Have a ball - that Noro jacket sure will look good on your Ally Pally trip - so get to work!

Says rho who is such a sucky knitter she has decided to do an Elizabeth Zimmermann Pi are Square Shawl because it is just garter stitch - to get get her knitting mojo back ... :(

Dez Crawford said...

Toothbrush! Ah, the cuteness.

LOVE the Noro jacket. Just love it.

Hy Brasil? I have a speculation about that. I think Hy Brasil is really the "Green Flash" that can be seen at sunset if you're out on the ocean and far away from the ambient haze of the mainland's artifical light. I know sailors and merchant seamen who've seen it -- a flicker of pure, bright emerald on the horizon, only for a second or two, just as the top edge of the sun disappears. A cloudless sky is requisite for this phenomenon. Of course, in olden times, no one had artificial light, so the green flash no doubt was visible on the western shores of many lands. Easy to mistake it for the flash of sunlight on a distant, verdant island.

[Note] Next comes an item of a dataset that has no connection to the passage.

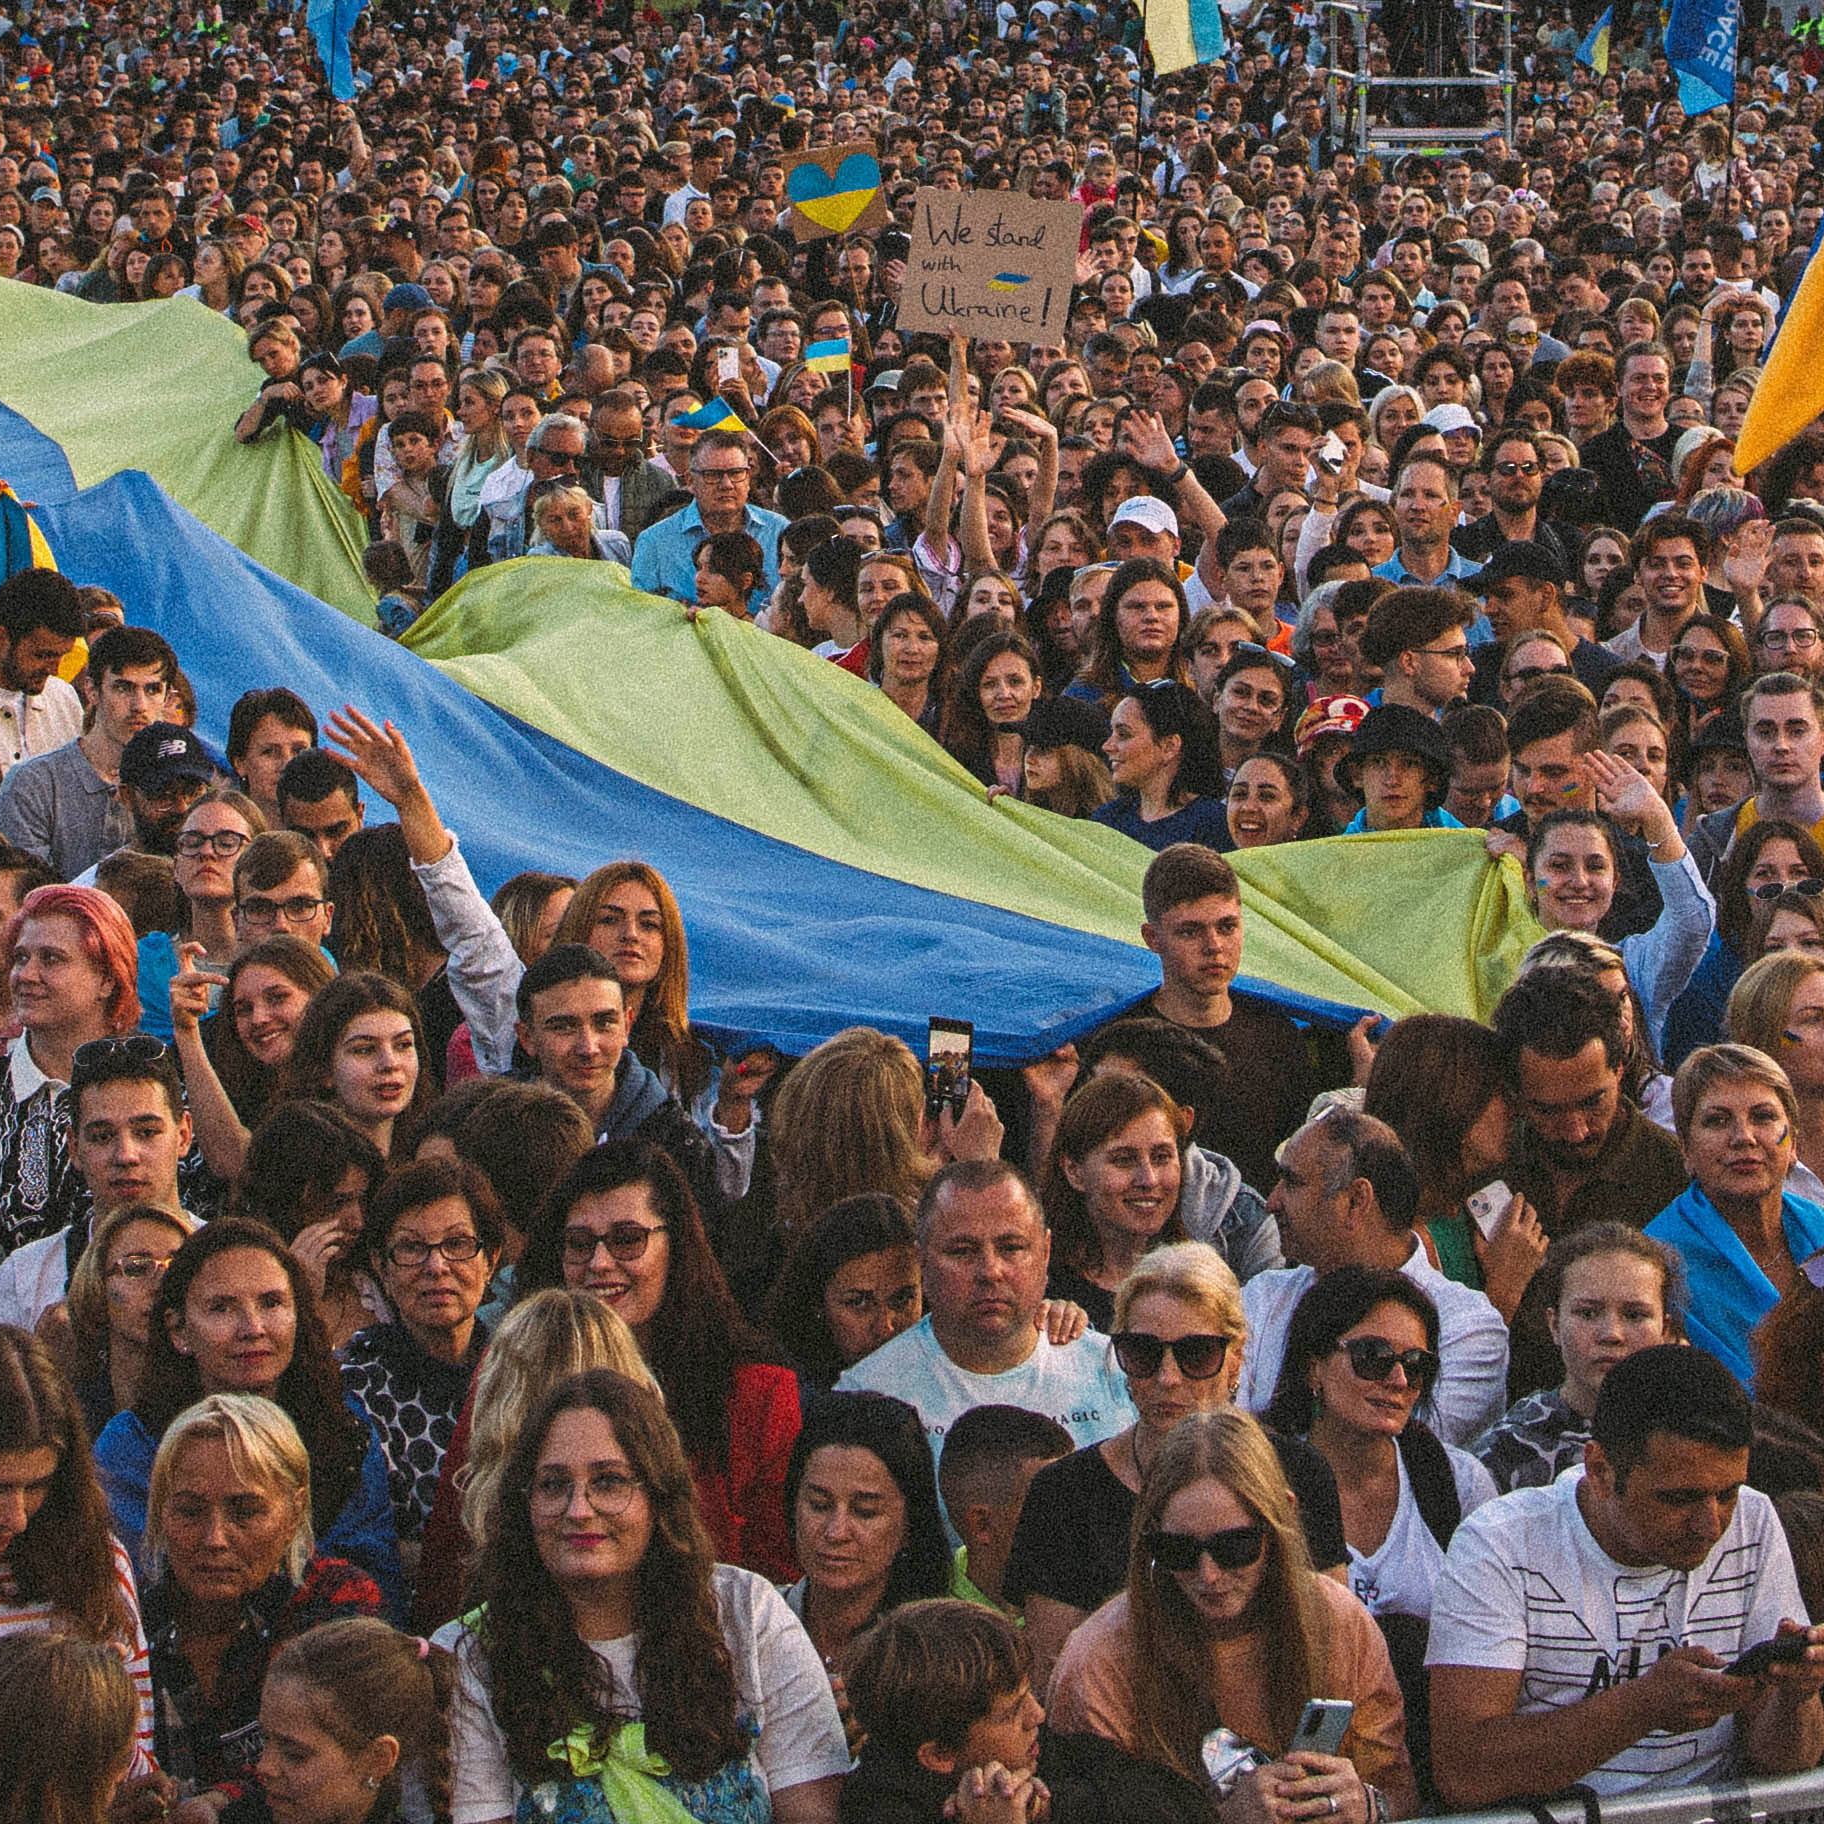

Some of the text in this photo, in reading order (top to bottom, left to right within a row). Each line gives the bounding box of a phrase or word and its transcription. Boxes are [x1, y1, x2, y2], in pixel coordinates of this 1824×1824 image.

[925, 203, 1046, 251] We stand
[921, 254, 962, 273] with

But it is SO much more fun to have it be a mythical place, eh?

That blue yarn is simply stunning.

I have tried to wrap my own brain around dyeing long, Noro-esque repeats, but my best mental calculations require a warping board, handpainting, and a considerable amount of plastic wrap.

Jackets: have you considered Elizabeth Zimmermann's Adult Surprise Jacket? It looks smashing in hand-dyed yarns. Shows off long color repeats in lovely geomtric lines and takes on an Ikat-weave look with short color repeats. And nothing but miles and miles of garter stitch.